Son dos reservas habituales entre quienes se plantean de forma crítica algo que en principio parecería una maravillosa idea. Tanto es así que podemos encontrar en las hemerotecas a quienes han postulado sus contraargumentos.
En contra de vivir para siempre
Por ejemplo, en un artículo publicado en 2018 en The Conversation, John Davis, profesor de filosofía de la Universidad del Estado de California en Fullerton, se muestra partidario de la extensión de la vida, ofreciendo sendos contraargumentos a estas consideraciones.
Davis debate en cambio el argumento de la desigualdad, esgrimido antes por pensadores como John Harris, de la Universidad de Manchester. Para Davis el hecho de que un avance no pueda llegar a toda la humanidad no es motivo para que no pueda ser aprovechado por unos pocos. Lo contrario sería, explica, “igualarnos por lo bajo”.
Con respecto al argumento de la presión sobre el medioambiente, Davis sostiene que sería posible introducir medidas como el control de la natalidad para evitar la superpoblación.

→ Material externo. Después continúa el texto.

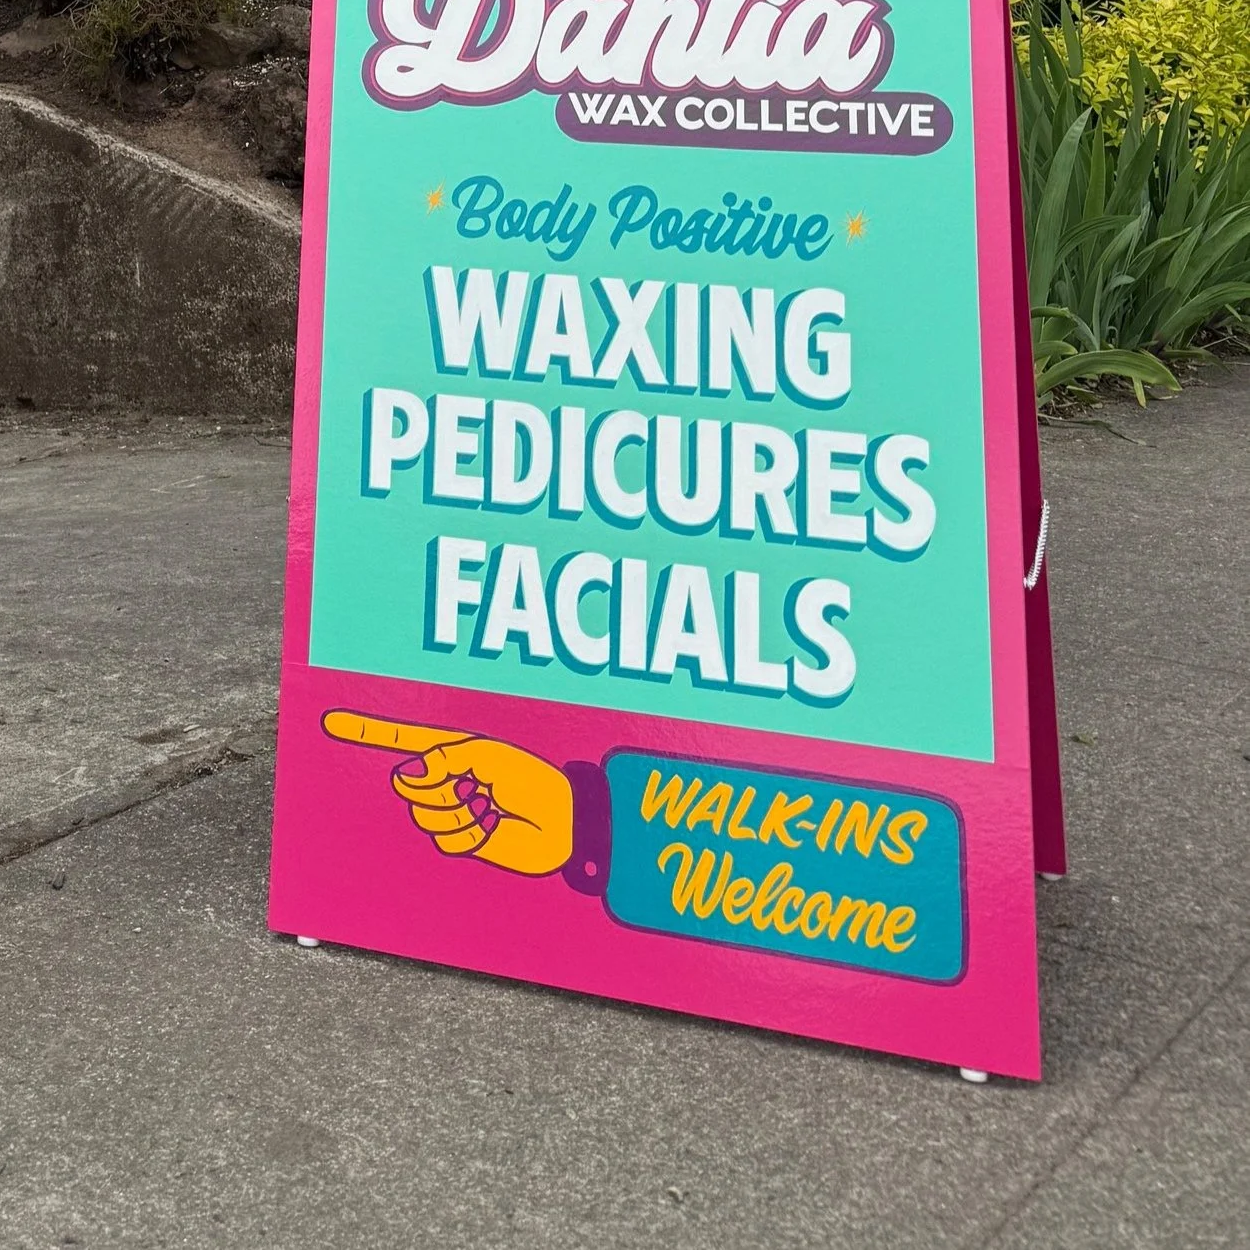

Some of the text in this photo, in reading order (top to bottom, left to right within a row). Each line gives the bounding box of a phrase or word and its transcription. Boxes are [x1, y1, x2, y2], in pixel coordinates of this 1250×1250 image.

[568, 92, 935, 137] WAX COLLECTIVE
[451, 175, 834, 263] Body Positive
[425, 265, 851, 410] WAXING
[361, 388, 936, 562] PEDICURES
[423, 536, 857, 709] FACIALS
[641, 771, 927, 864] WALK-INS
[658, 842, 918, 953] Welcome
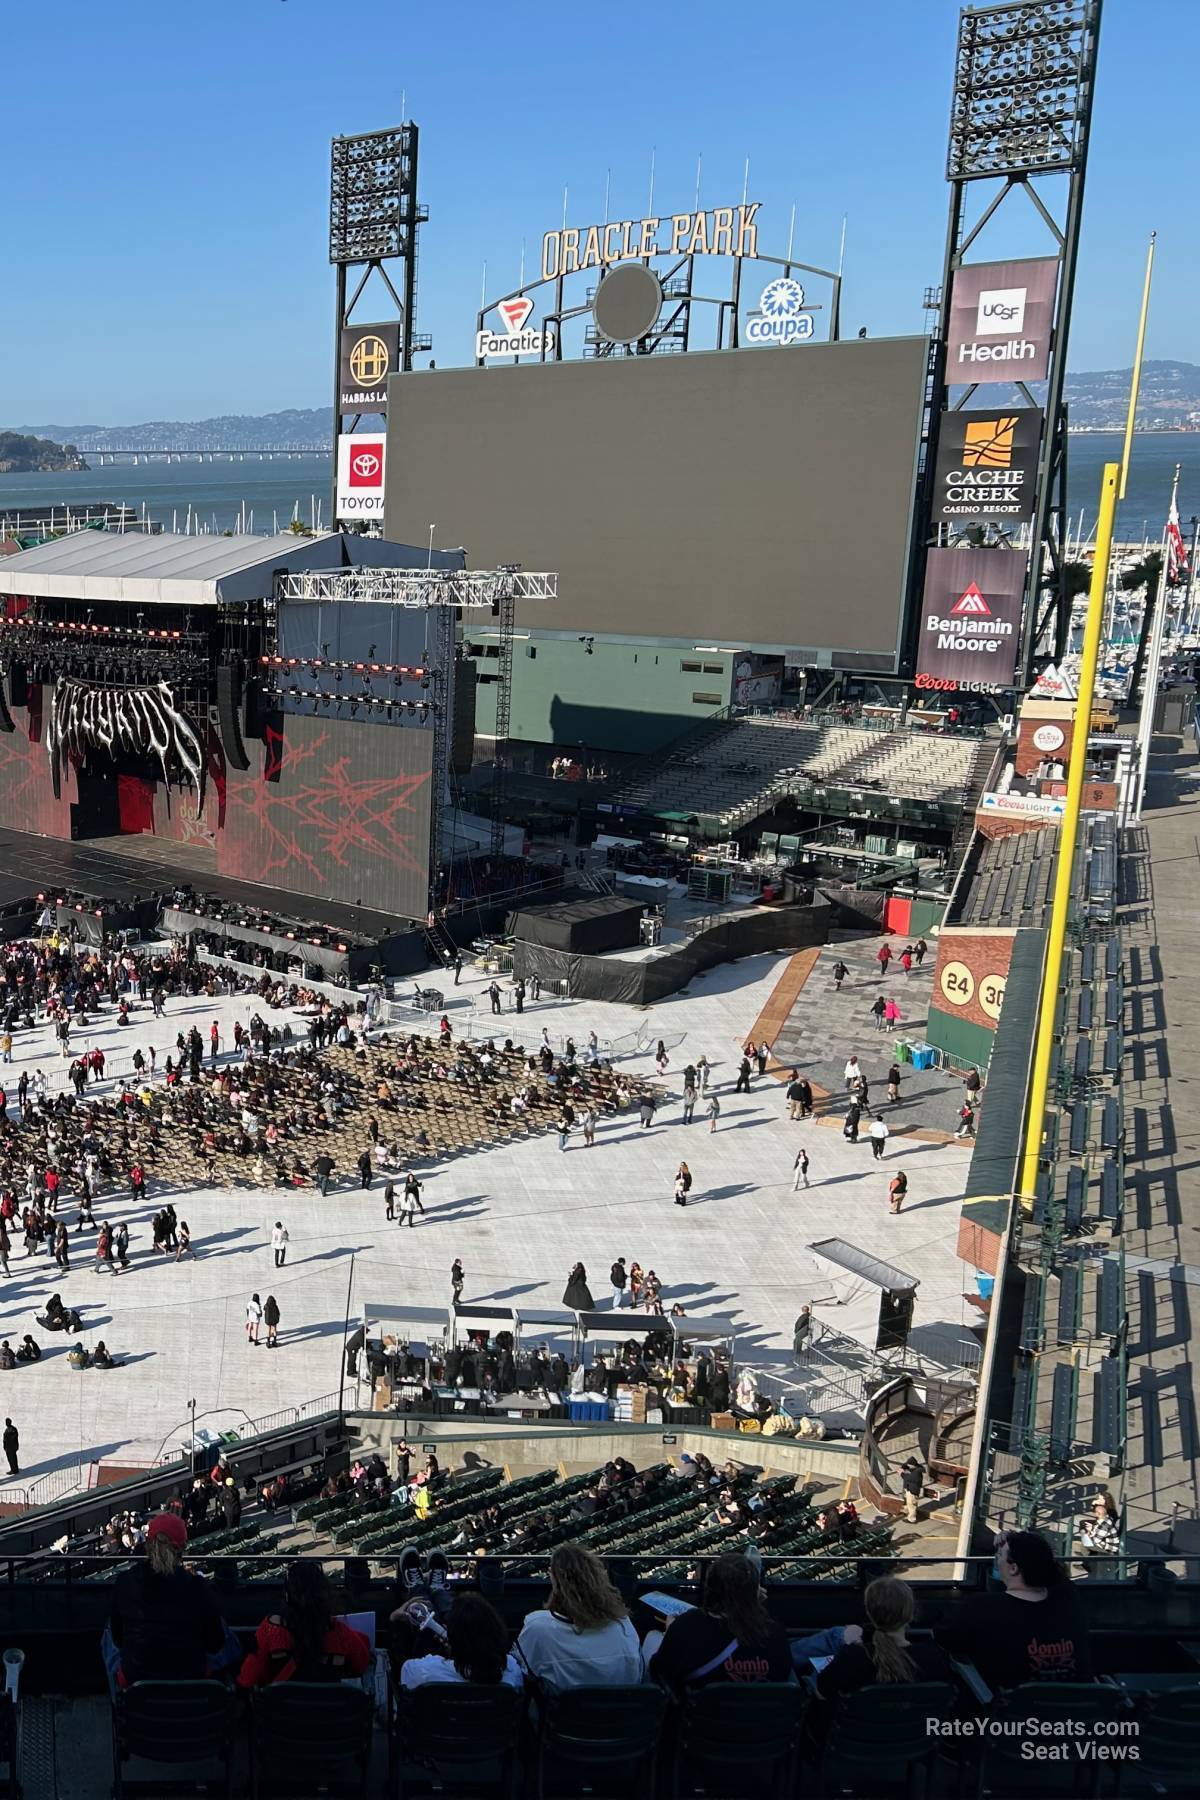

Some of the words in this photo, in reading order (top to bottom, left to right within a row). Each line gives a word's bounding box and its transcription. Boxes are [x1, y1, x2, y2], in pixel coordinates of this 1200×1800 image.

[542, 218, 659, 281] ORACLE
[670, 203, 761, 258] PARK
[983, 304, 1019, 320] UCSF
[749, 317, 810, 341] coupa
[479, 332, 551, 353] Fanatics
[958, 340, 1036, 362] Health
[342, 392, 376, 404] HABBAS
[376, 391, 388, 402] LA
[946, 470, 1024, 485] CACHE
[946, 487, 1020, 502] CREEK
[942, 505, 980, 513] CASINO
[982, 505, 1021, 513] RESORT
[927, 616, 1013, 636] Benjamin
[938, 634, 998, 652] Moore
[915, 673, 957, 691] Coors
[959, 681, 1000, 694] LIGHT
[998, 798, 1025, 810] Coors
[1026, 804, 1051, 813] LIGHT
[947, 973, 969, 995] 24

Esta prohibición sería difícil de implementar, explica, “pero tratar de prohibir la extensión de la vida sería igualmente difícil”.

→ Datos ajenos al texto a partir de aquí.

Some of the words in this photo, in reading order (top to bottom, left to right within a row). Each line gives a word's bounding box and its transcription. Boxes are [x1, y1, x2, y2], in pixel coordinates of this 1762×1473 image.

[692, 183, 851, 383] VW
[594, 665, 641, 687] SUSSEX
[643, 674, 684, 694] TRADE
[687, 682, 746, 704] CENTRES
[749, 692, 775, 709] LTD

Pese a mostrar su desacuerdo con estos dos argumentos centrales, Davis sí admite que existirían problemas derivados de la extensión de la vida: “los dictadores podrían vivir mucho más de la cuenta, la sociedad se volvería demasiado conservadora y aversa al riesgo y las pensiones tendrían que ser limitadas.”
Otro defensor de extender la vida que llama la atención sobre algunos aspectos éticos a tener en cuenta es Brian Patrick Green, biólogo gerontólogo y cofundador del centro de investigación en envejecimiento SENS. “No hay nada intrínsecamente malo con extender la vida humana saludable, incluso en gran medida”, explica.
Sin embargo señala alguno de los argumentos vistos hasta ahora: límites ecológicos, justicia y acceso, surgimiento de una sociedad aversa al riesgo y sumergida en la “stasis”… Green también recuerda que, aunque la vida humana sea valiosa en sí misma, para muchos no es el “bien moral” último: muchos son los que dan su vida por otros objetivos, quizás existan por tanto otras prioridades.
Problemas, y beneficios complementarios
Este es un asunto que lleva interesando a filósofos y científicos desde hace tiempo. En 2007 los investigadores Martien Pijnenburg y Carlo Leget, de la Radboud University en los Países Bajos, escribían un artículo en la revista Journal of Medical Ethics en el que mostraban también una postura poco favorable con respecto a eso de vivir para siempre.
Los autores se basan en tres argumentos, comenzando por el de la justicia. El segundo es el de la dimensión relacional: una crítica a la dimensión “individualista” de la prolongación de la vida. El tercero tiene que ver con la búsqueda de realización, del “sentido de la vida”, búsqueda que podría verse afectada para quienes viven la vida sin esperar a su fin.
La crítica al “individualismo” nos sirve de recordatorio de que este es un debate que se solapa con otros, quizá más actuales, como el de la eutanasia. Como se plantea Davis en su propio artículo, en un mundo de longevidad ¿estaríamos moral o legalmente obligados a extender nuestra vida? Para muchos la respuesta puede depender de algo tan variable como cómo formulemos la pregunta.
Independientemente de las consideraciones negativas que puedan plantearse, la lucha científica por lograr la “vida eterna” continúa, y buena parte de la financiación que engrasa la maquinaria de la investigación procede de grandes donantes.
Cave señalaba en su entrevista que a menudo la investigación científica genera beneficios complementarios. Es posible que algún día estos avances se traduzcan en pequeñas mejoras en la esperanza y la calidad de vida del resto. Quizá en ciencia el efecto derrame sea algo más que un mito. Habrá que esperar, que tiempo aún nos queda.